• [Exercise objective]
Please write out all of the entries beneath this line exactly, skipping the pictures.

• [Recorded data]
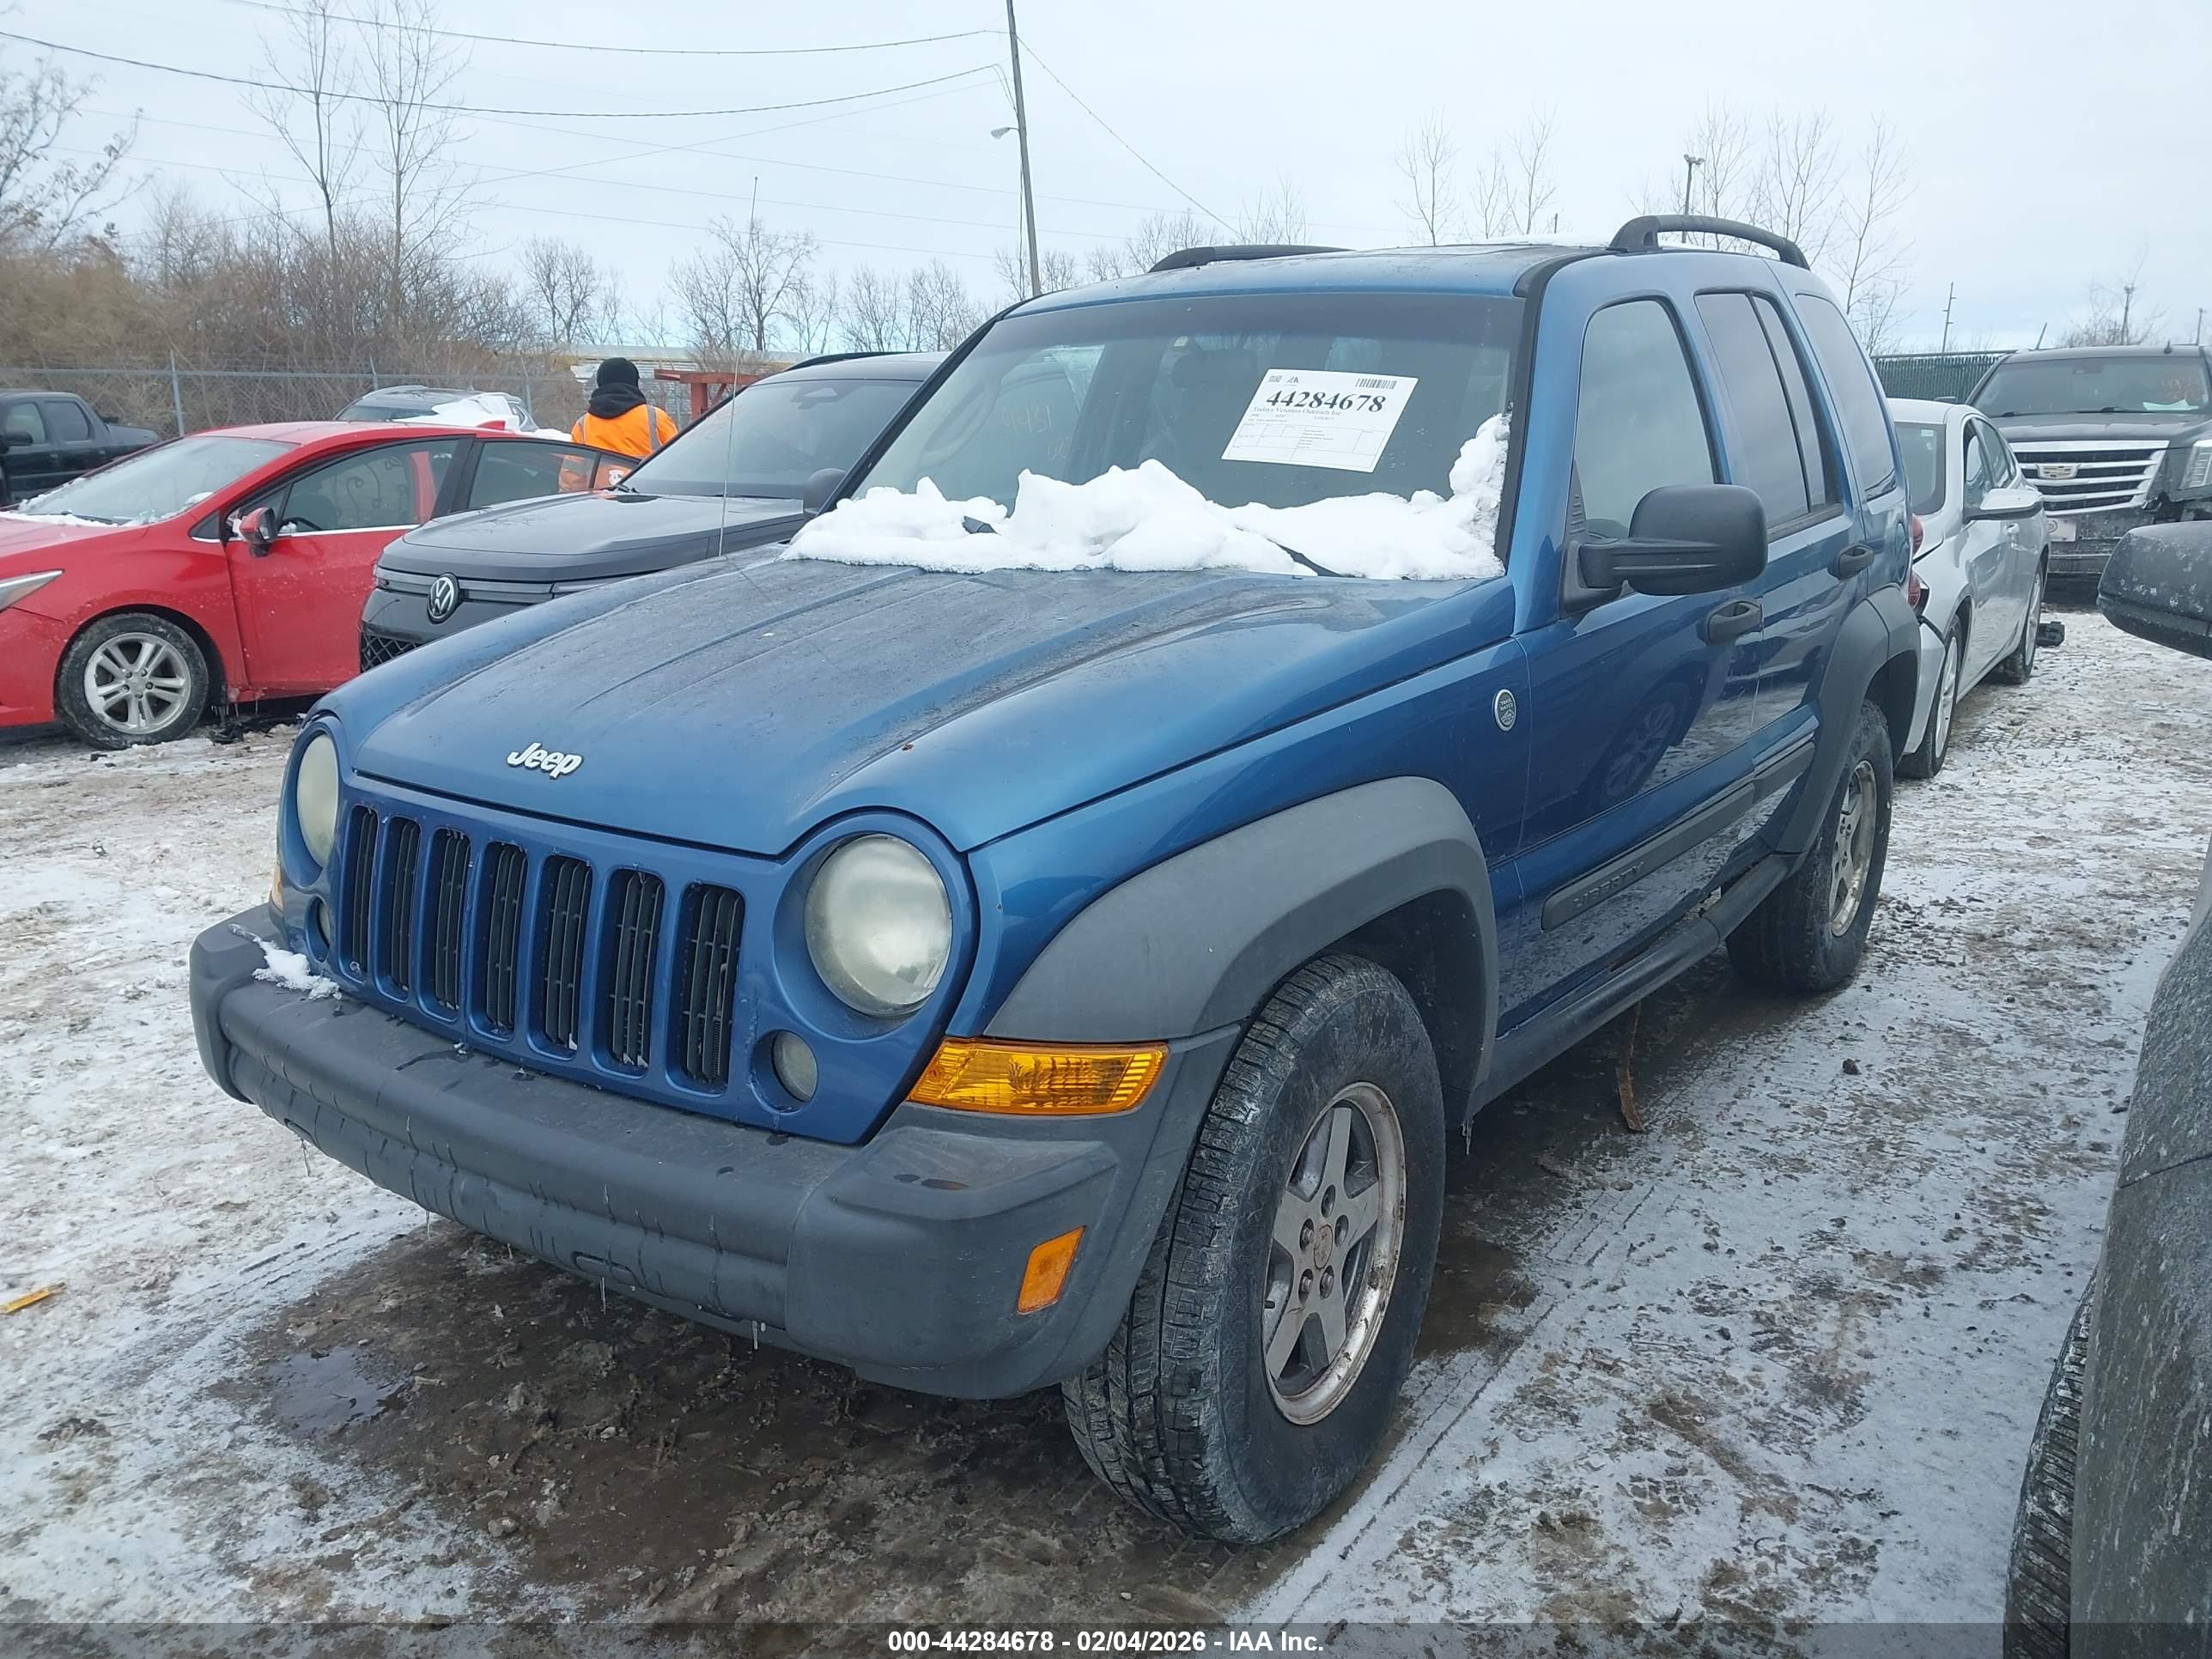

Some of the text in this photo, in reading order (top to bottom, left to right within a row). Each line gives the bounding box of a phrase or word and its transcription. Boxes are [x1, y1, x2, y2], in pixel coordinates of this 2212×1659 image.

[1266, 390, 1386, 412] 44284678
[507, 742, 584, 779] Jeep
[1572, 860, 1645, 908] LIBERTY
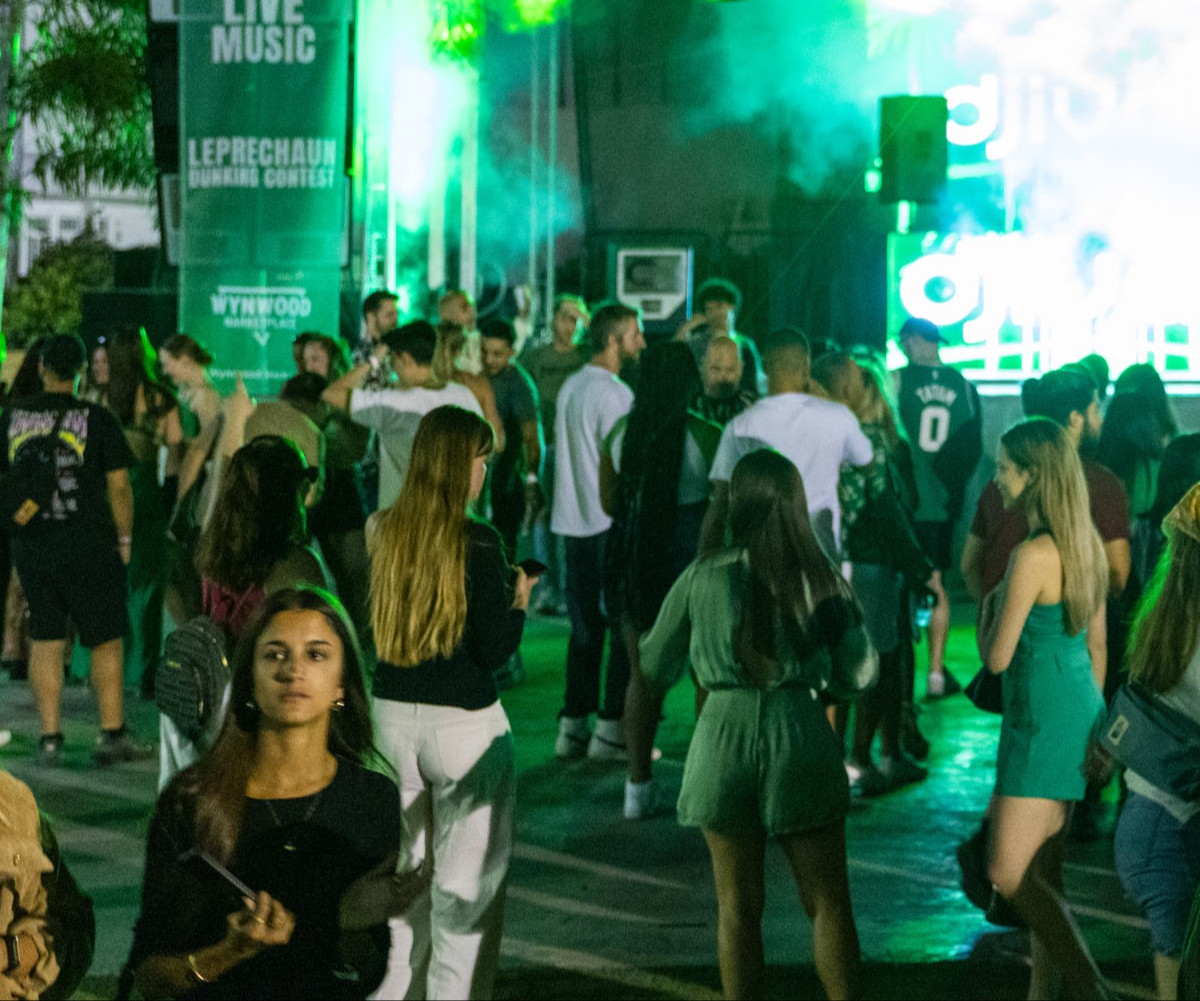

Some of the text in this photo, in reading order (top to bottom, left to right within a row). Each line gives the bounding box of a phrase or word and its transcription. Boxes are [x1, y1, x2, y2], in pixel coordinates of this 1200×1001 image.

[211, 24, 316, 65] MUSIC
[188, 136, 336, 168] LEPRECHAUN
[263, 168, 335, 189] CONTEST
[210, 293, 312, 318] WYNWOOD
[919, 405, 951, 453] 0
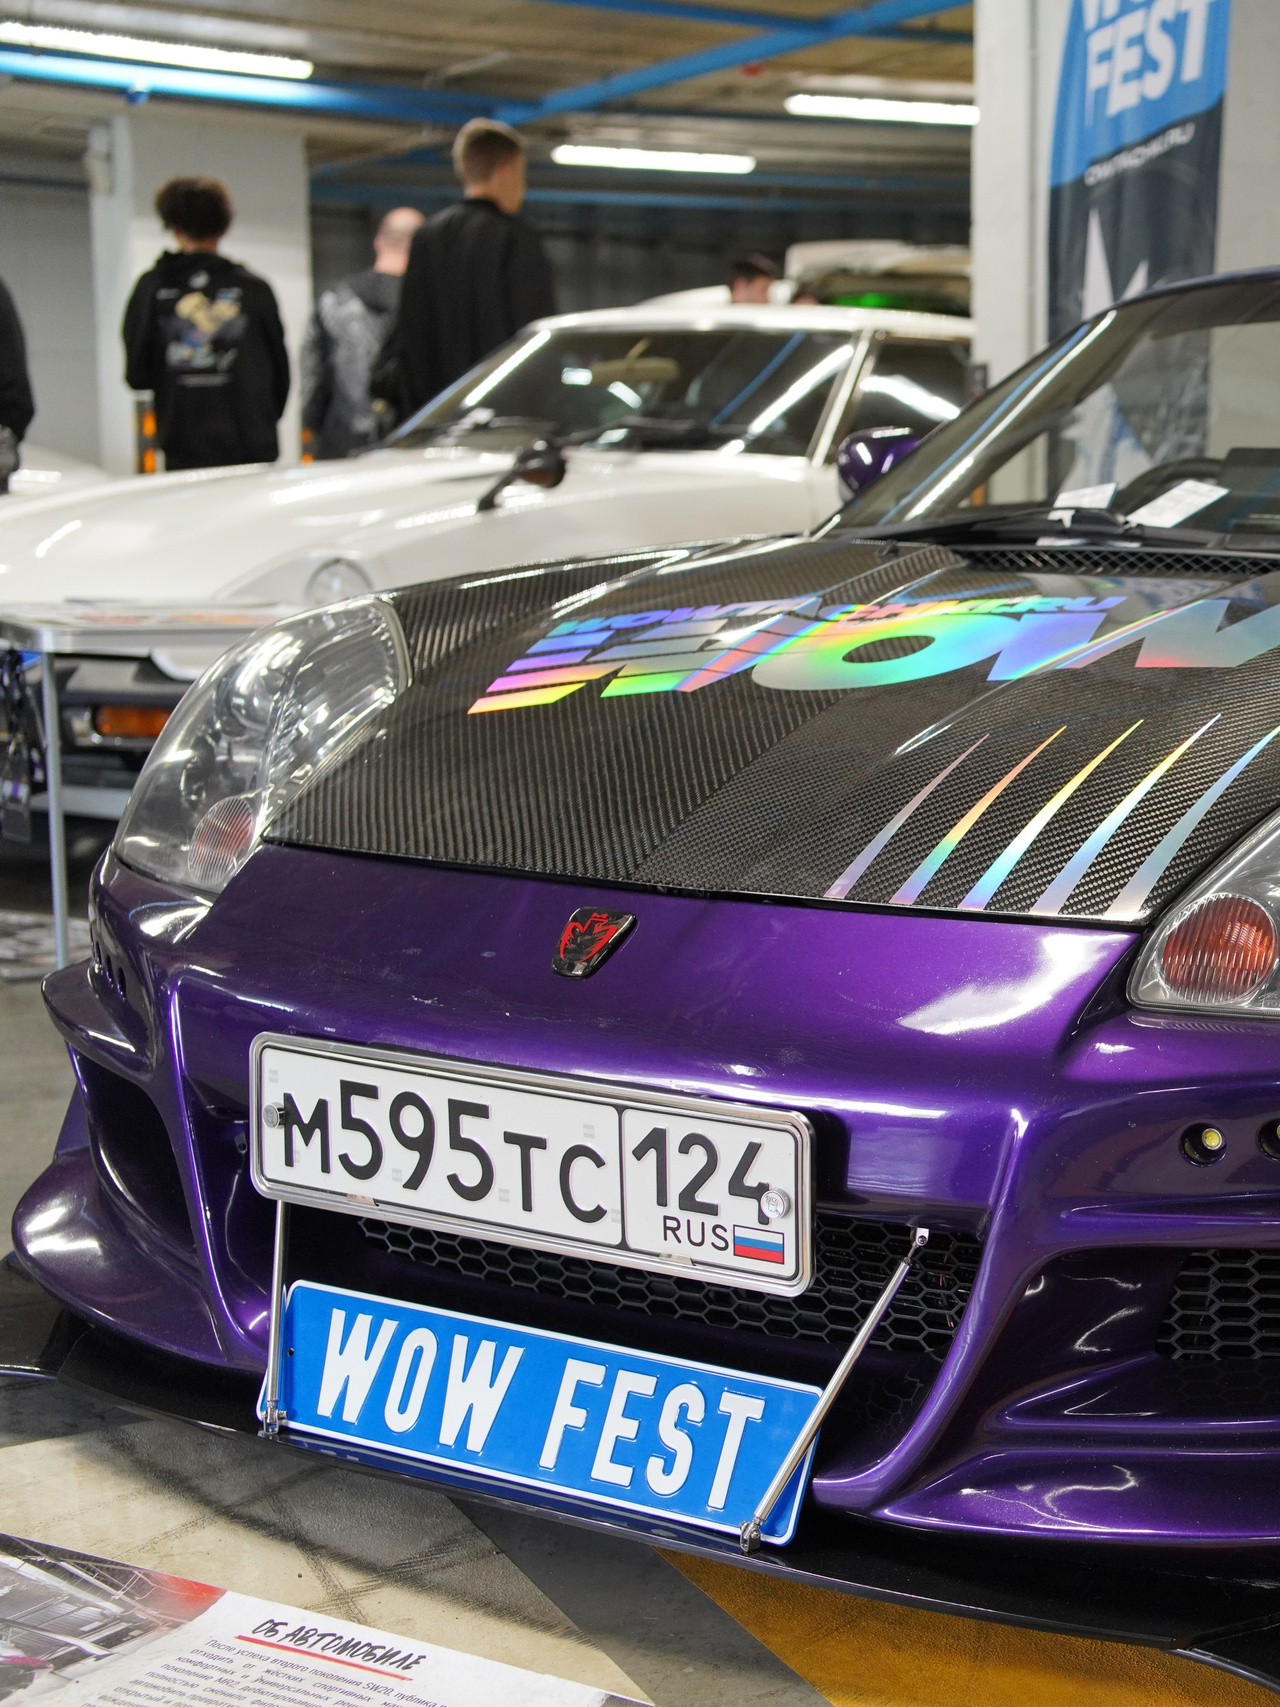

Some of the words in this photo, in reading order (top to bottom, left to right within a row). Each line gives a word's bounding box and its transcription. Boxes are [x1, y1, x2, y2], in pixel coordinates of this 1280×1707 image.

[1086, 0, 1209, 120] FEST
[631, 1126, 771, 1226] 124
[663, 1215, 730, 1252] RUS
[316, 1308, 525, 1453] WOW
[538, 1358, 767, 1511] FEST
[175, 1656, 238, 1676] комфортных
[205, 1639, 237, 1653] После
[233, 1648, 271, 1662] успеха
[270, 1658, 309, 1673] второго
[308, 1668, 363, 1687] поколения
[252, 1619, 288, 1638] ОБ
[277, 1625, 427, 1671] АВТОМОБИЛЕ
[129, 1679, 187, 1697] автомобиль
[145, 1671, 200, 1689] полностью
[159, 1663, 214, 1681] поколение
[190, 1648, 234, 1664] отходить
[312, 1682, 374, 1703] спортивных
[113, 1686, 166, 1702] открытый
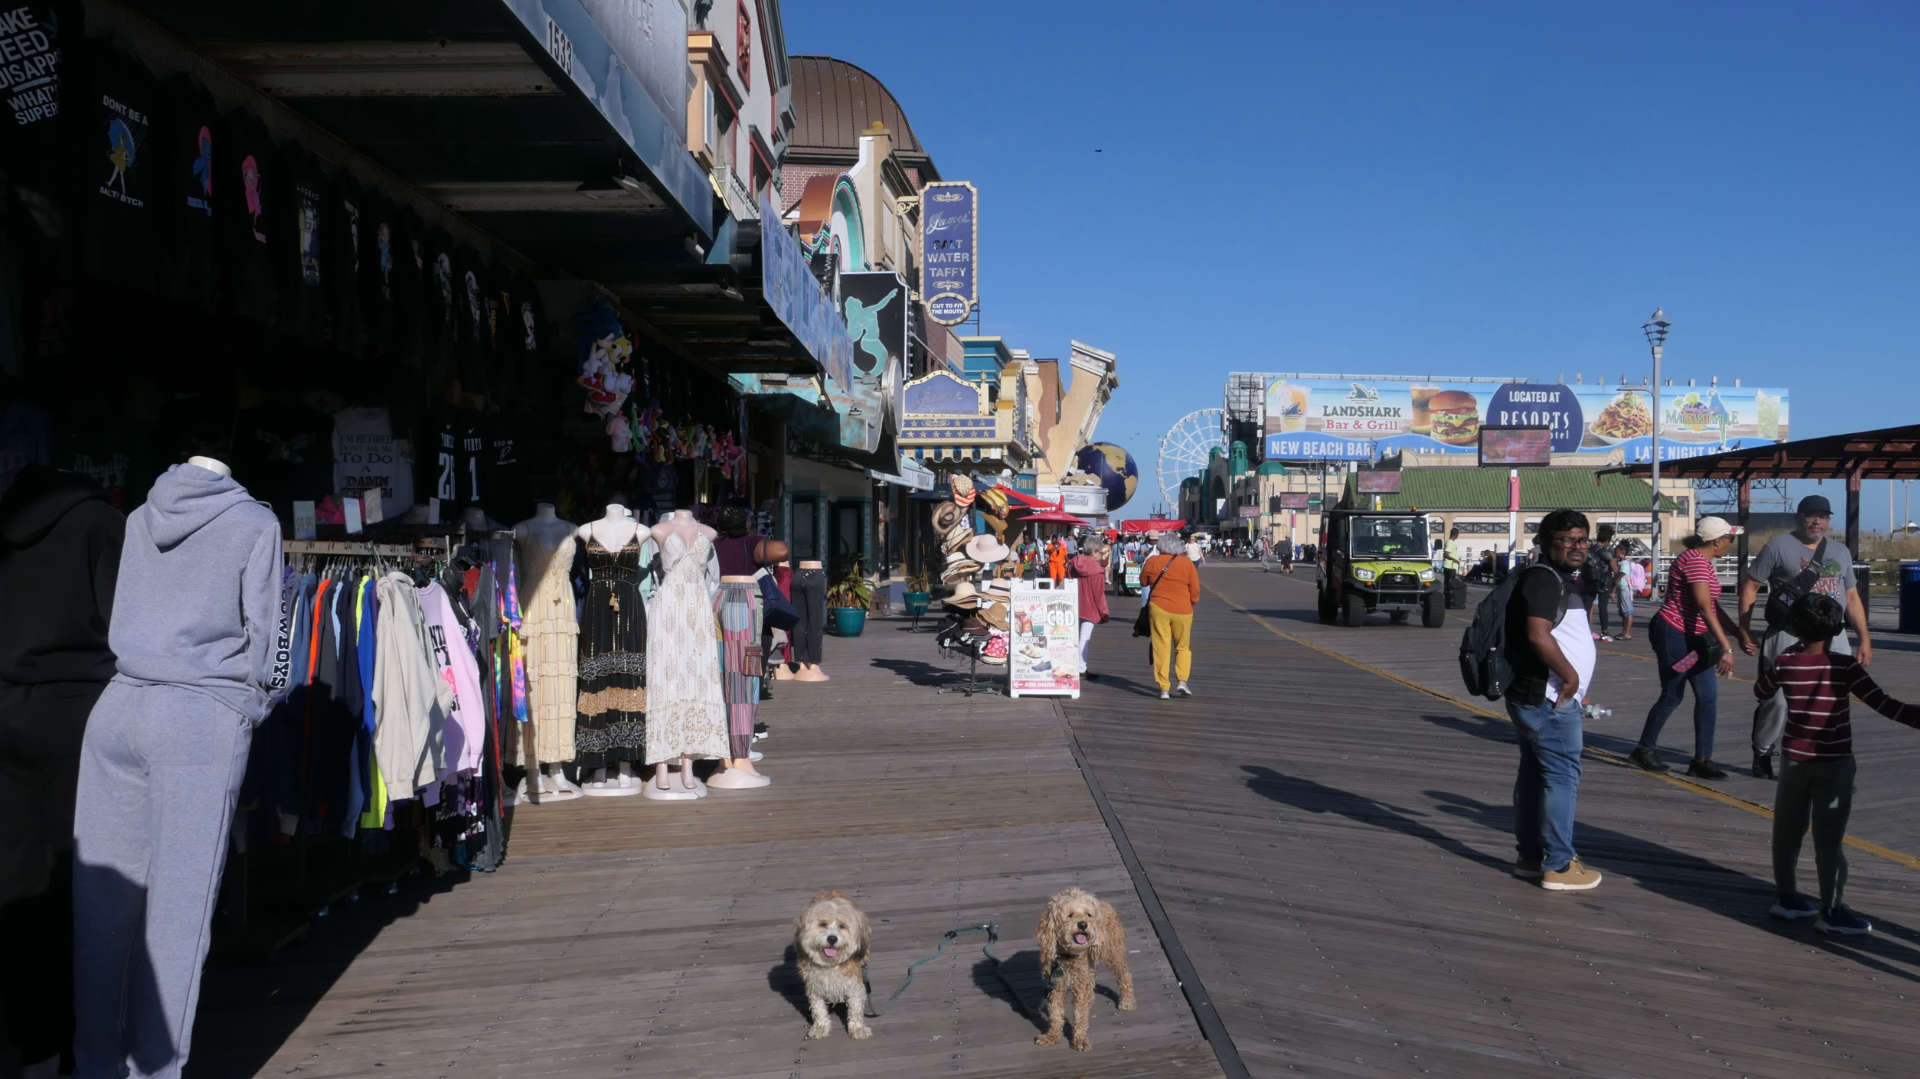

• [Answer below]
Some of the text in this photo, in reading order (top to bottom, left to right within a row). Each line gives the bounding box of a phrase or word and its transcription. Boxes are [x1, y1, x2, y2], in pixel coordinates of this 2212×1659 image.

[1266, 390, 1386, 412] 44284678
[507, 742, 584, 779] Jeep
[1572, 860, 1645, 908] LIBERTY

Some of the text in this photo, in reading order (top to bottom, left to right within a row). Each line gives the bounding box of a phrase or word and its transcription. Boxes are [x1, y1, x2, y2], in pixel coordinates of this 1200×1001 image.

[211, 24, 316, 65] MUSIC
[188, 136, 336, 168] LEPRECHAUN
[263, 168, 335, 189] CONTEST
[210, 293, 312, 318] WYNWOOD
[919, 405, 951, 453] 0

Some of the words in this photo, in reading order (top to bottom, left to right within a row). Each line gives a word's bounding box and its transcription. Boxes are [x1, y1, x2, y2], in pixel coordinates of this 1280×1707 image.

[1086, 0, 1209, 120] FEST
[631, 1126, 771, 1226] 124
[663, 1215, 730, 1252] RUS
[316, 1308, 525, 1453] WOW
[538, 1358, 767, 1511] FEST
[175, 1656, 238, 1676] комфортных
[205, 1639, 237, 1653] После
[233, 1648, 271, 1662] успеха
[270, 1658, 309, 1673] второго
[308, 1668, 363, 1687] поколения
[252, 1619, 288, 1638] ОБ
[277, 1625, 427, 1671] АВТОМОБИЛЕ
[129, 1679, 187, 1697] автомобиль
[145, 1671, 200, 1689] полностью
[159, 1663, 214, 1681] поколение
[190, 1648, 234, 1664] отходить
[312, 1682, 374, 1703] спортивных
[113, 1686, 166, 1702] открытый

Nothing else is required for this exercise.